A huge push to increase the number of patients treated for heart disease over the past three years has nearly eliminated the long queues for heart surgery, with just 375 patients waiting more than six months at the end of June.

The Government is now poised to achieve its pledge of eliminating waits of more than six months for heart patients by Christmas, two years ahead of its target date of the end of 2005.

But success has come with a sting in the tail. Hospital units and surgeons dedicated to treating heart patients are under threat because there is not enough work. Urgent discussions are being held at the Heart hospital in London and the William Harvey hospital in Kent to re-allocate beds and operating theatres. At national level, plans are being developed to retrain heart surgeons in other specialties.

The development highlights the risks of the seismic changes under way in the NHS as enormous sums are being invested to modernise and reform it. While the cuts in heart surgery waiting lists are good news for patients, they could destabilise a health service unused to the rapid pace of change.

Heart disease kills more than 120,000 people a year in the UK, and the long wait for heart surgery used to be one of the clearest signs of the failing NHS. The risk of dying on the waiting list was higher than the risk of dying on the operating table, as patients waited for up to 18 months for an operation.

Two years ago, more than 4,000 patients were waiting for more than six months. Last April that was down to 2,341, and by the end of this year doctors predict it could be reduced to zero.

The waiting lists have fallen so far and so fast that they have caught surgeons and NHS managers by surprise. In London, the 95-bed Heart hospital is in difficulty. It was purchased with great fanfare from the private sector two years ago by University College Hospitals NHS Trusts to provide much needed extra capacity for cardiac surgery.

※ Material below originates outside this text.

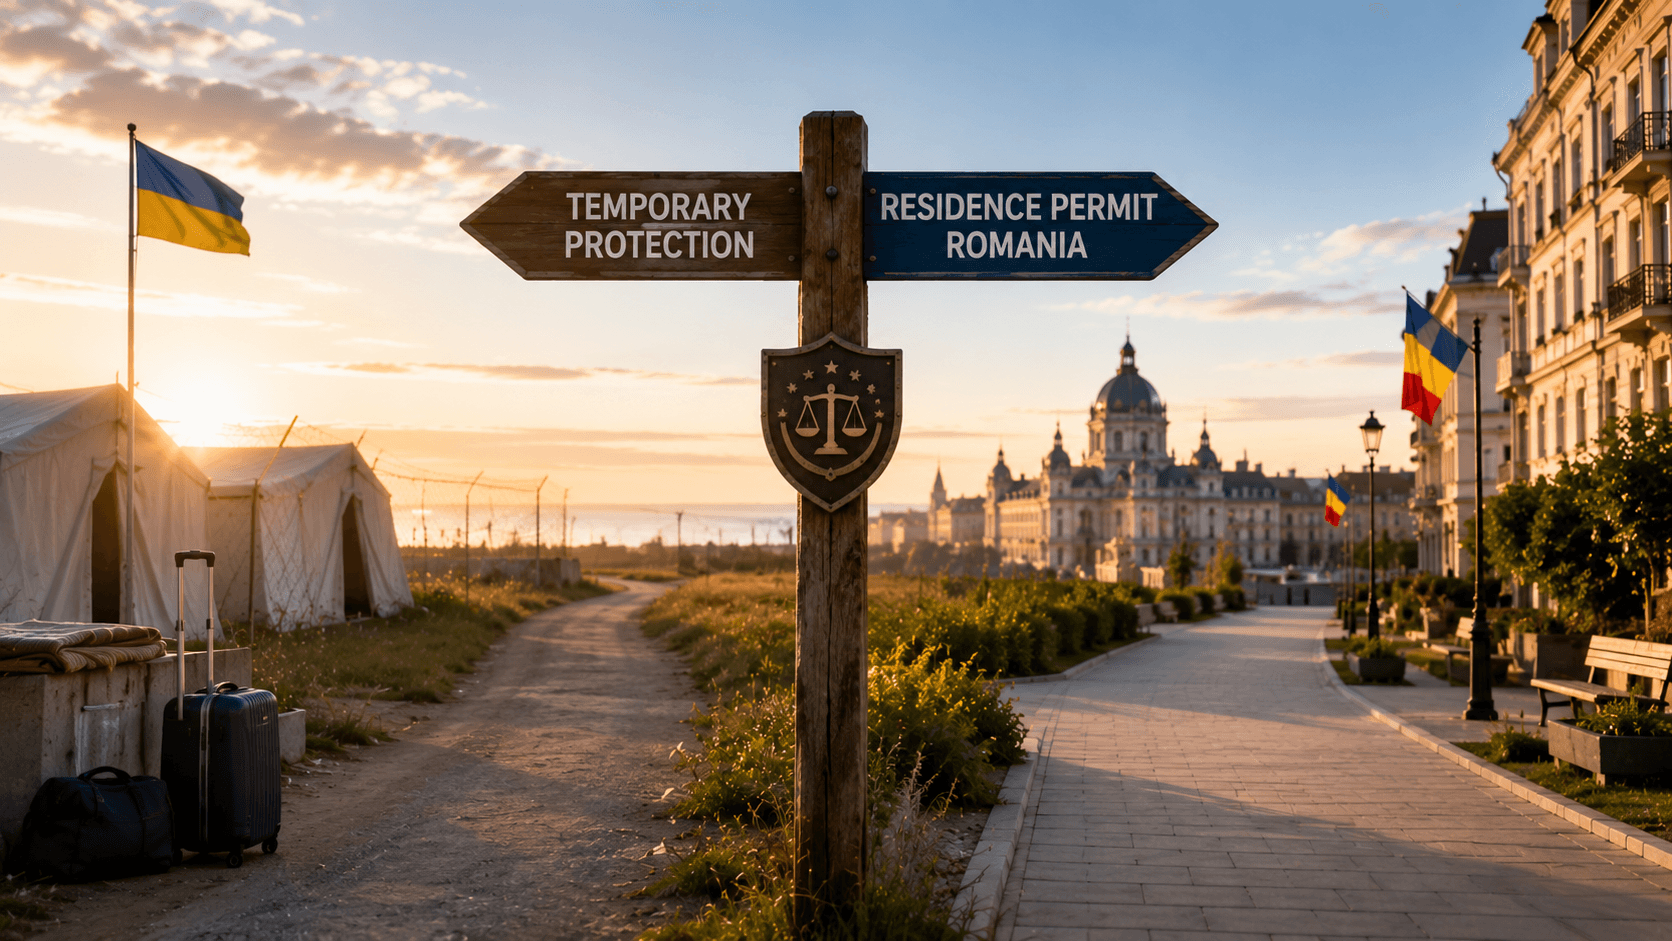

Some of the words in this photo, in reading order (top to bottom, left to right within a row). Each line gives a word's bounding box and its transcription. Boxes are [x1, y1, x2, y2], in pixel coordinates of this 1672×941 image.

Surgeons say there are three reasons why heart surgery rates are plummeting. First, increased investment of hundreds of millions of pounds and extra capacity has meant more patients could be treated, including 2,800 who opted to go to other hospitals under the patient choice scheme.

Secondly, more patients are being kept well on drugs, such as statins. Spending on statins, prescribed to lower cholesterol, has increased eightfold since 2000, to £640m a year. Treatments offered by cardiologists, which avoid the need for heart surgery, are more effective and long lasting.

Lastly, the epidemic of heart disease which started in the 1930s and peaked in the 1970s is heading downwards. Deaths from heart disease have fallen by a third in the past decade and have halved in the past 30 years. The reasons for the fall are complex, but include improved diets.